What to watch for today
A mega storm hits Japan. Super typhoon Neoguri is causing winds of up to 250km/h (155 mph) and could gain even more power before hitting an island that houses two nuclear power plants. Landfall is expected on Tuesday morning local time.
Argentina begins debt talks in New York. The talks are only to set conditions for more court-mediated talks with holdout creditors, but they may lead to a deal that could save the country from a July 31 default deadline.
An armed showdown in Ukraine. Government security forces are preparing to lay siege to Donetsk (paywall), the regional capital of eastern Ukraine and the last major city held by pro-Russian rebels. Ukrainian forces pushed rebels back over the weekend, after Moscow made no move to help.
India’s parliament gets down to business with a month-long session that will produce Narendra Modi’s first budget and other major policy initiatives.

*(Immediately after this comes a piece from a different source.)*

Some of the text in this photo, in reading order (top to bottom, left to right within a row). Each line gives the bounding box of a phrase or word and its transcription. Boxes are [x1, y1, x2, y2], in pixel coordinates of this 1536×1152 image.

Will Afghanistan name a president? The country’s election commission is scheduled to reveal preliminary results of a runoff vote, but front-runner Abdullah Abdullah wants the results delayed pending an electoral fraud investigation.
Over the weekend
Angela Merkel began a China tour… The German leader started in Chengdu, in Sichuan province, where more than 150 German companies do business, and met with premier Li Keqiang before he announced German companies will be free to invest up to 80 million yuan ($12.9 million) in China’s stock exchanges.
…As China’s growth showed signs of strength. China’s economy likely grew by 7.4% in the second quarter, according to a Reuters poll, suggesting the government’s targeted stimulus may be working. Earlier in the day, premier Li Keqiang said further stimulus will still be required to sustain growth.
France lashed out at the dollar. French finance minister Michel Sapin said the world needs a “rebalancing” to end the hegemony of the US dollar (paywall). His comments come after France’s biggest bank was banned from clearing dollar transactions.
British companies grew cautious, but its house builders feel good. Large UK companies showed a smaller appetite for risk over the last three months, according to a survey by Deloitte. Meanwhile, UK homebuilder Taylor Wimpey built more houses and sold them at higher prices in the first half of the 2014 than in the same period a year ago.
An American food giant really likes Capri-Sun. Archer Daniels Midland agreed to buy Swiss-based Wild Flavors, which makes the popular foil-pouch kids’ drink along with other products, for €2.3 billion ($3.1 billion) in cash.
Transformers 4 is on track to be China’s biggest film of all time. It made more than $200 million in its first 12 days, surpassing ticket sales in North America. The movie is packed with Chinese product placements and parrots Beijing’s policies.
Mexico made a move against its richest man. The Mexican senate approved a bill to overhaul its mobile and fixed-line telecom sector, challenging the longstanding dominance of Carlos Slim and his company, América Móvil.
Quartz obsession interlude
Gwynn Guilford on how IBM is using big data to fix Beijing’s pollution crisis. “IBM plans to improve the quality of data by installing its latest generation of optical sensors, incorporating meteorological satellite data and running that through its artificial-intelligence computing system. The visual maps it generates will identify the source and dispersal pattern of pollutants across Beijing with a street-level degree of detail 72 hours in advance.” Read more here.
Matters of debate
Wall Street will create the first conscious machines. The financial industry is putting AI research to meaningful use.
NASA could learn from India’s space program. How to pick a visionary goal, and accomplish it on the cheap.
The US and Germany are heading for a divorce. US spying is destroying the bond between the once-close allies.
The weak Iraqi state is responsible for the ISIL crisis. Anxious citizens are falling back on sectarian identity in times of strife.
The US should stop targeting tax cheats. It’s doing more harm than good (paywall).
Surprising discoveries
Nobody is finishing ”Capital in the Twenty-First Century.” Thomas Picketty’s best-seller may be going largely unread.
People hate to be alone with their thoughts. Study participants, especially men, preferred to receive an electric shock instead.
There’s a plausible scenario to colonize Venus. Not on the overheated surface, but floating 30 miles above it.
Black people were once denied vanilla ice cream in the southern US states. Except on July 4.
Omens for a stormy marriage. These Saskatchewan newleyweds got photobombed by a tornado.